The immigration process (humans from foreigners to natives to the Web) is only at its beginning on Web 2.0. At Web 2.0, digitalization of humans is still far away from its potential ultimate form. The transformation is at its unnoticed start. Few people have really recognized its revolutionary value. The further web evolution will gradually show how this transformation impacts the world. This clause is a composition of the view of web evolution and the expression from Joining Dots.
This engagement of human participation on Web 2.0 is achieved by prompting collective intelligence, explicit ownership over web resources, and portable web services. Tim O'Reilly's expression explains which characters of humans are digitalized and how they are digitalized on Web 2.0. At the individual level, Web 2.0 digitalizes ownership (i.e. self, the fundamental of individual) and service (i.e. action, the fundamental of being alive). Mashup is an improvement on actions, which we will specifically discuss in later installments. At the community level, Web 2.0 digitalizes aggregation of individual contributions, which is collective intelligence. These three typical achievements constitutes the foundation of a digital society. A social network aggregated with digitalized living selves is the essence of Web 2.0.
Web 2.0 have two basic presentations respectively for professional web developers and ordinary web users. To developers, the back-end of Web 2.0 is a web of platform. This presentation tells how developers can contribute to Web 2.0 and manipulate Web-2.0 resources. Typical technology-side advances such as mashup and SaaS are upon this presentation.
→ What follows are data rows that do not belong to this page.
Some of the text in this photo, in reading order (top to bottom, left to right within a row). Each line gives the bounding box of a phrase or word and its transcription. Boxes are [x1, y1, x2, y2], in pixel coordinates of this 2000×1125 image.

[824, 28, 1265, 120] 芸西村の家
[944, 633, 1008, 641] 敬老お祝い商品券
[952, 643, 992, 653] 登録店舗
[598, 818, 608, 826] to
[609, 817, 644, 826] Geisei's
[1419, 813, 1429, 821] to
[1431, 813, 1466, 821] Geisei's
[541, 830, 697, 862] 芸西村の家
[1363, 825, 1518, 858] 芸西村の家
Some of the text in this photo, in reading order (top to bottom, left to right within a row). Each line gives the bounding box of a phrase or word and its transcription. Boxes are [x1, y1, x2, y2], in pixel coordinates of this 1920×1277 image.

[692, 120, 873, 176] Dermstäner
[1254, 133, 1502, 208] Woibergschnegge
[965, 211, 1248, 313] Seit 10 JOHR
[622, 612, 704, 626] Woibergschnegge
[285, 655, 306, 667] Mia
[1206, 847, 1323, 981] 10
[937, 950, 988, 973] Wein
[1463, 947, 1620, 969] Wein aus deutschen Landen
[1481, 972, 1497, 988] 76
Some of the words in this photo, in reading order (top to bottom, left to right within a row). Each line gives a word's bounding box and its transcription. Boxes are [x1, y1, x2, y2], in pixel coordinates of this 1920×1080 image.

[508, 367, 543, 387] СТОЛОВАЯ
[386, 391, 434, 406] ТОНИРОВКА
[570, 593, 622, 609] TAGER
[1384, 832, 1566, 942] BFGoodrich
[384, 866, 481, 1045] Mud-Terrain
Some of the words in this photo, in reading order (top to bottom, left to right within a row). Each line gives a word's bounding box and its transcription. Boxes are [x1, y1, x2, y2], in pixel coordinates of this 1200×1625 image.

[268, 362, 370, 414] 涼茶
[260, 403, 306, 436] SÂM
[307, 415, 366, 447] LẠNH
To ordinary users, the front-end of Web 2.0 is a Read/Write Web. This presentation tells how ordinary users play with Web 2.0 and business people venture into Web 2.0. Typical non-technology-side advances such as social network and Long Tail are upon this presentation.
Web 2.0 is more than a commercial slogan "to signify that the web was roaring back after the dot com bust!" Although the initiative of this term might be with this sole purpose, it actually ended on a grand picture far beyond a commercial trick. From the various expressions of Web 2.0, we have seen that Web 2.0 is a major stage upgrade in the history of web evolution. After a long time accumulation, the dot-com bubble ultimately triggered the Web 2.0 off; the web evangelists Tim O'Reilly and others happened to be the first ones who caught and named this big moment.
In this first installment, I present a new expression of Web 2.0 by integrating several previous expressions together with my own viewpoints of web evolution. With this new expression, Web 2.0 is a revolutionary new vision of World Wide Web. From this Web 2.0 age, World Wide Web becomes not only a great human conducted project, but also a digital society of real people. Web 2.0 is the starting point of the path towards the fascinating next generation web.